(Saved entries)

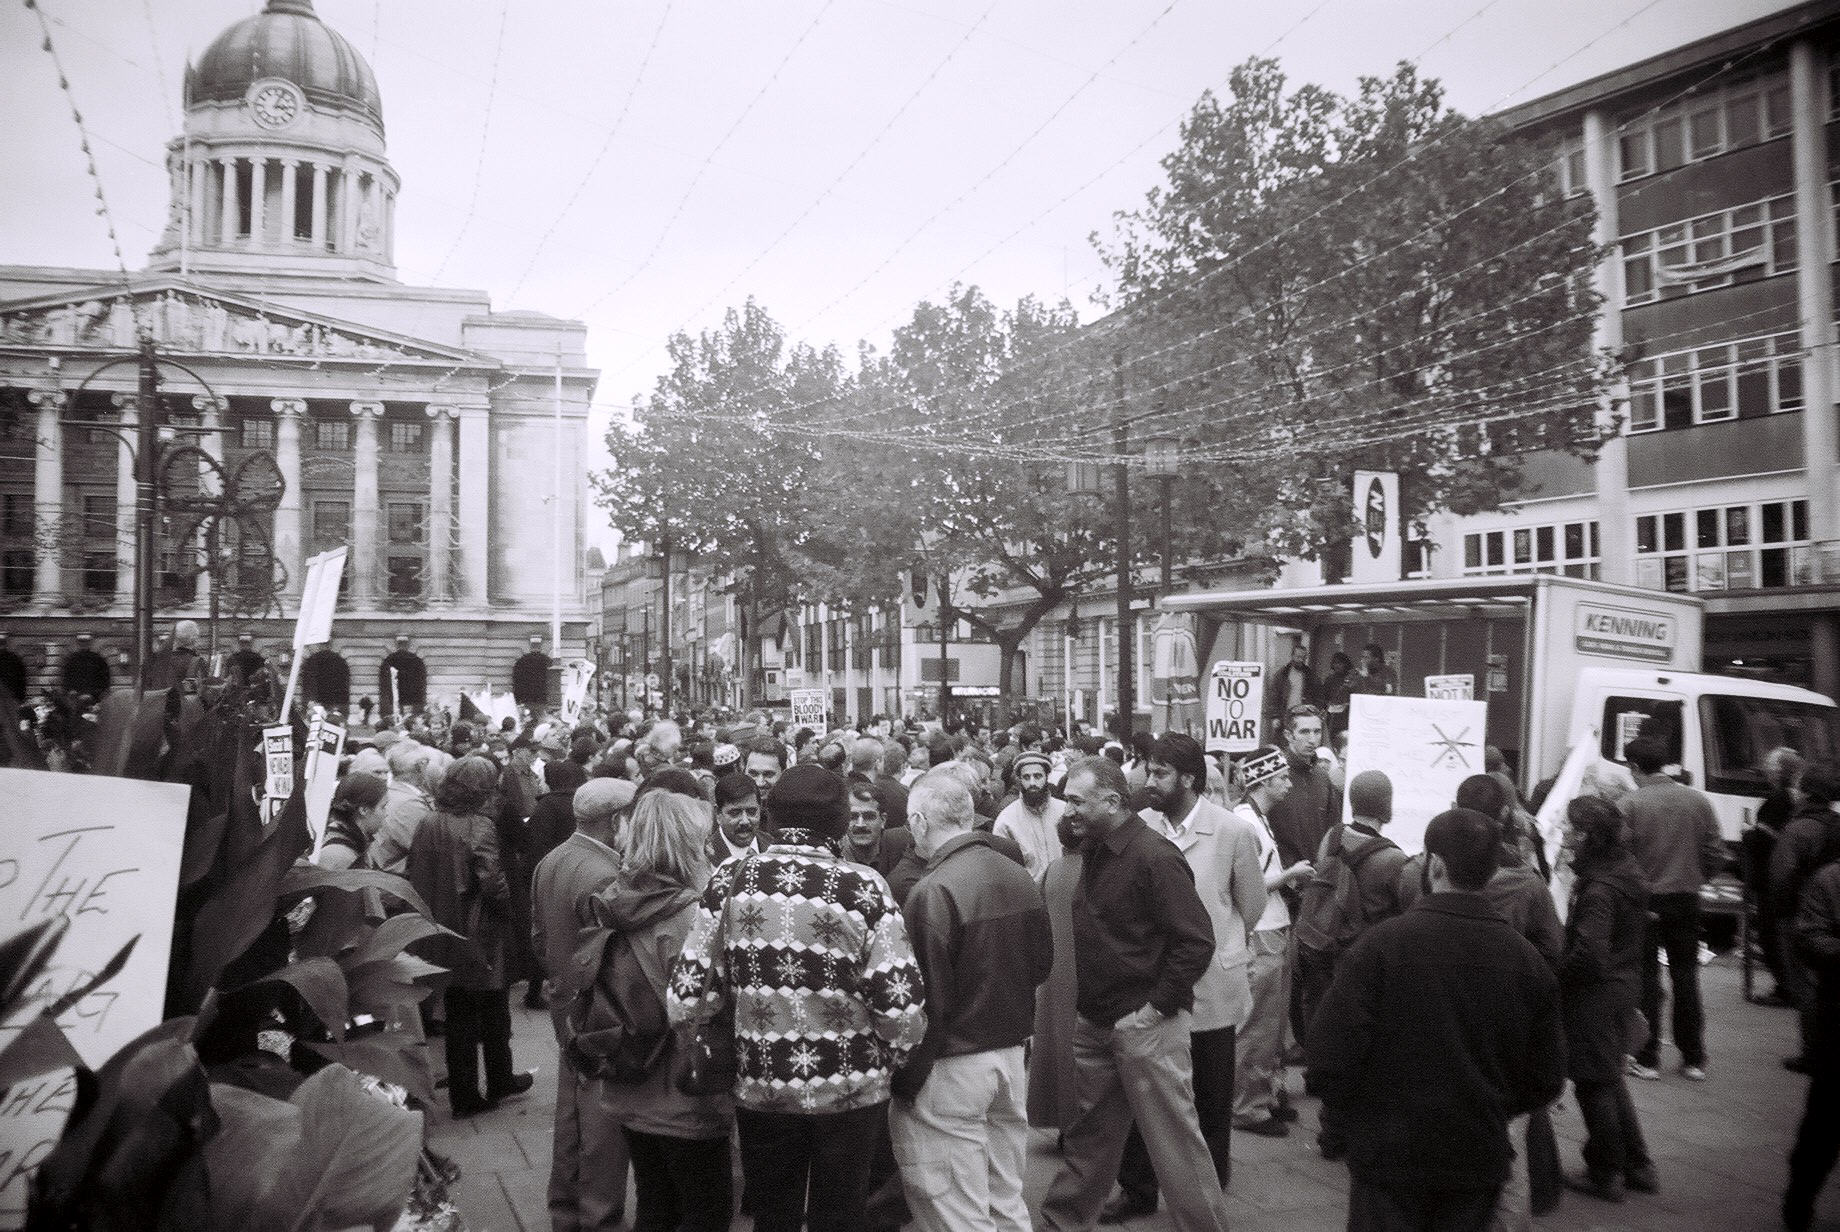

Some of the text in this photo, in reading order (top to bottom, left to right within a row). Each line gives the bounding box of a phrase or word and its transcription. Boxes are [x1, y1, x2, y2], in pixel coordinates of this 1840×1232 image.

[1584, 613, 1667, 641] KENNING
[1217, 677, 1250, 699] NO
[793, 704, 823, 714] BLOODY
[801, 714, 819, 724] WAR
[1221, 697, 1244, 719] TO
[1210, 718, 1256, 739] WAR
[20, 825, 139, 920] THE

> **What you need to do**: The entries must be repeated exactly. Leave the images out.

> **Solution**:
Some of the text in this photo, in reading order (top to bottom, left to right within a row). Each line gives the bounding box of a phrase or word and its transcription. Boxes are [x1, y1, x2, y2], in pixel coordinates of this 1840×1232 image.

[1584, 613, 1667, 641] KENNING
[1217, 677, 1250, 699] NO
[793, 704, 823, 714] BLOODY
[801, 714, 819, 724] WAR
[1221, 697, 1244, 719] TO
[1210, 718, 1256, 739] WAR
[20, 825, 139, 920] THE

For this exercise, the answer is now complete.